A gymnastica, avagy „a fiatalsági öröm köntösébe burkolt munka”.
Adalékok a modern férfiasság kialakulásának vizsgálatához
Absztrakt
Miklós Hadas’ text is an excerpt from a book he is currently working on entitled Sports and Masculinity. His starting question is this: What explains that until the fall of communism Hungary was among the three most successful nations, proportionate to population, in the history of modern sports movements? He attempts an answer through the study of social dispositions, i.e. long-term behavioural patterns of different social groups. Hadas follows three main paradigms: one is Pierre Bourdieu’s sociology, whose theory of habitus has exerted a decisive influence upon his views. Nonetheless, contrary to Bourdieu who states that male domination is a universal structural element of all societies, Hadas – in accord with the mainstream canon of contemporary men’s studies – conceives of hegemonic masculinity as a historically changing phenomenon. The third tradition guiding his work is the theory of civilisation of Norbert Elias.
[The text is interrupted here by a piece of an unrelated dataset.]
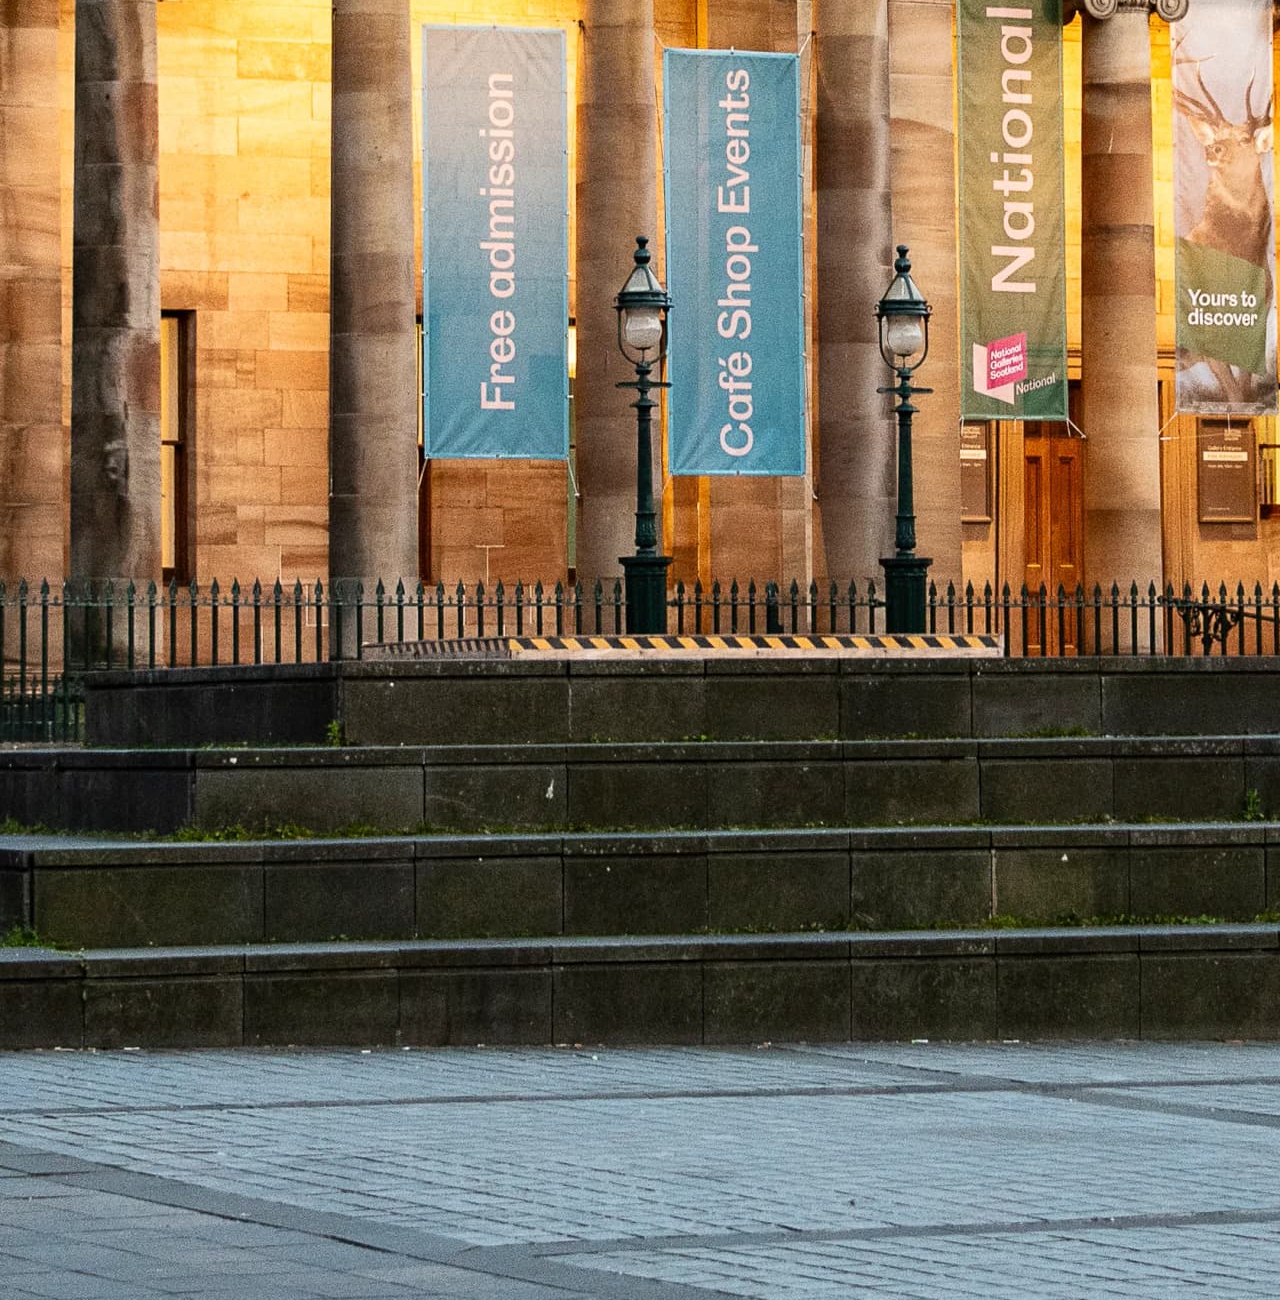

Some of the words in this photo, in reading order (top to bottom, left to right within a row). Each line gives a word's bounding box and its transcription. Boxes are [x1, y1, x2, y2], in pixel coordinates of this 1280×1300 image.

A main thesis of Hadas’ book is that in the early 19th century masculine passions are channelled into new directions: fight aiming at killing the enemy is gradually replaced by more or less civilised competition. The chapter published here pictures gymnastics as part of this long-term social process. Its organised rational practice, argues the author, serves the social ascension of the emerging Hungarian bourgeoisie. Furthermore, by contributing to incorporate self-control, discipline and obedience, this pre-sport also generates revolutionary changes in the everyday life. Gymnastics, therefore, might be concidered as an important element of modernity’s corporeal basis.